Had brunch yesterday with my friend Anqian. An amusing guy, to say the least. He told me, “I’m really a pretty liberal guy. I just have three tenets: I’m anti-choice, I’m anti-gay, and I’m pro-NRA.” Well, leave it to Anqian to proclaim himself a liberal when his three beliefs essentially topple the cornerstones of leftist ideology. Ah well, we didn’t get into it. But I have to say Anqian is a rare breed. He grew up in SH, yet he stays away from the locals. He thinks their hicks– uncultured, unsophisticated, and unhygenic. Anqian is just on a totally different path. Every time I talk to him about teaching and finding more students, he says incredulously, “You’re wasting your education. With a degree from Duke, you should be rolling in the dough, working for some multinational corporation or doing i-banking or SOMEthing.” I explain that I’ve tried the consulting world, and it doesn’t appeal to me. And that though I made peanuts at FMF, I never regretted leaving CDM. Consulting was so emotionally empty. “Who cares? It’s prestigious and you get a lot more money–those are the only two things that are important to me.” Well, at least he’s honest. Talking to Anqian is always interesting.

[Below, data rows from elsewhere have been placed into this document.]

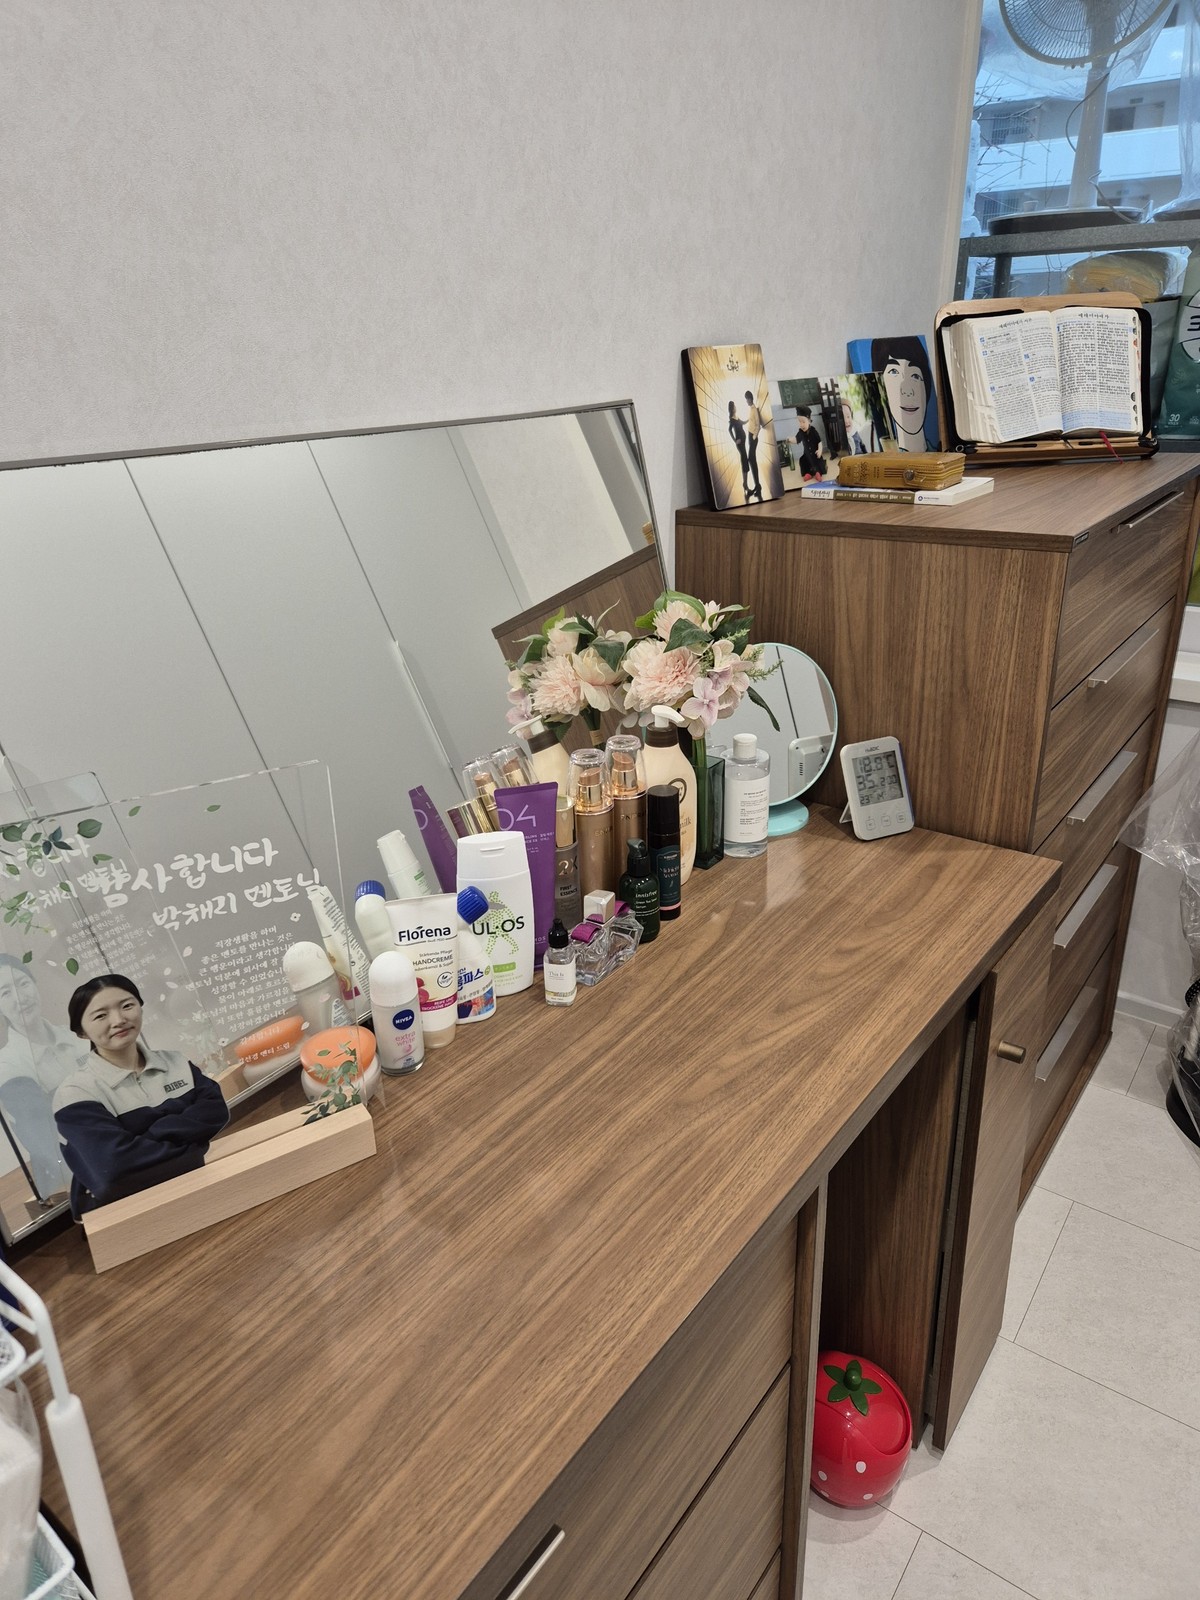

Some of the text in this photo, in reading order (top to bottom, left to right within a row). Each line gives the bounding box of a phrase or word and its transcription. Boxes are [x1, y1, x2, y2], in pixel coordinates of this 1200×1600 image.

[560, 888, 578, 897] ESSENCE
[635, 890, 658, 898] innisfree
[152, 892, 238, 932] 박채리
[260, 925, 277, 937] 하며
[398, 926, 451, 942] Florena
[249, 938, 275, 951] 만나는
[277, 932, 294, 943] 것은
[412, 954, 453, 967] HANDCREME
[211, 981, 237, 995] 성장할
[240, 978, 247, 986] 수
[395, 1014, 413, 1025] NIVEA
[395, 1030, 416, 1042] extra

My father called me the other day. Among other topics (my future, my “plan”, “blood being thicker than water”, etc.), he mentioned that the Gou family was becoming extinct. It was his ever-so-subtle comment on my decision not to have children. Oh well, he can get his legacy fix from Johnny. Anyway, Chinese tradition doesn’t technically consider me a Gou anymore, now that I’ve married an Eshleman.

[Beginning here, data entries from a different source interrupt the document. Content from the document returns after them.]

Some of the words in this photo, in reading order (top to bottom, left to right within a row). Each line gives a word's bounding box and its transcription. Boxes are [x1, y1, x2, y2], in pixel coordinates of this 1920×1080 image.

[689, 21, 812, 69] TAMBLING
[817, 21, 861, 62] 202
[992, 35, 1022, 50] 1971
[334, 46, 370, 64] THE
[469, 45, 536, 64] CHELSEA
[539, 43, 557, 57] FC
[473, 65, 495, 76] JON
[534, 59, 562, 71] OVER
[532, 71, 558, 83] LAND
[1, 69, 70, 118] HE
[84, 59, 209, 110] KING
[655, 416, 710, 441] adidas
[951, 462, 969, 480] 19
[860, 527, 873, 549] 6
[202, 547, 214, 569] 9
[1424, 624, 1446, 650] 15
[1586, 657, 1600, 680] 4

Sunday: another cold and dreary day. I stayed inside mostly and prepped for my first SABIC class this Wednesday. In the afternoon, I took a break and went to the market. Picked up another bag of edamame and spinach. Also figured I’d try the Japanese eggplant. Throw in some variety to spice up my soybean/spinach/smoothie diet. Next, I headed to my noodle shop. I gotta take pictures one day of the guy making noodles in his little stall. It’s really neat to watch. Boy, on a day like today, with raindrops like icicles, a bowl of hot, curry soup and fresh noodles did wonders.

You’d think pasta and soup would satify my hunger for at least a few hours. Not so. Excited by my fresh produce, I cooked up the edamame, spinach, AND eggplant. All cooked veggies in my house are prepped the same: add garlic, oil, and stir it around in the wok. Turned out pretty good though. I guess I’ll have to return to the market again tomorrow.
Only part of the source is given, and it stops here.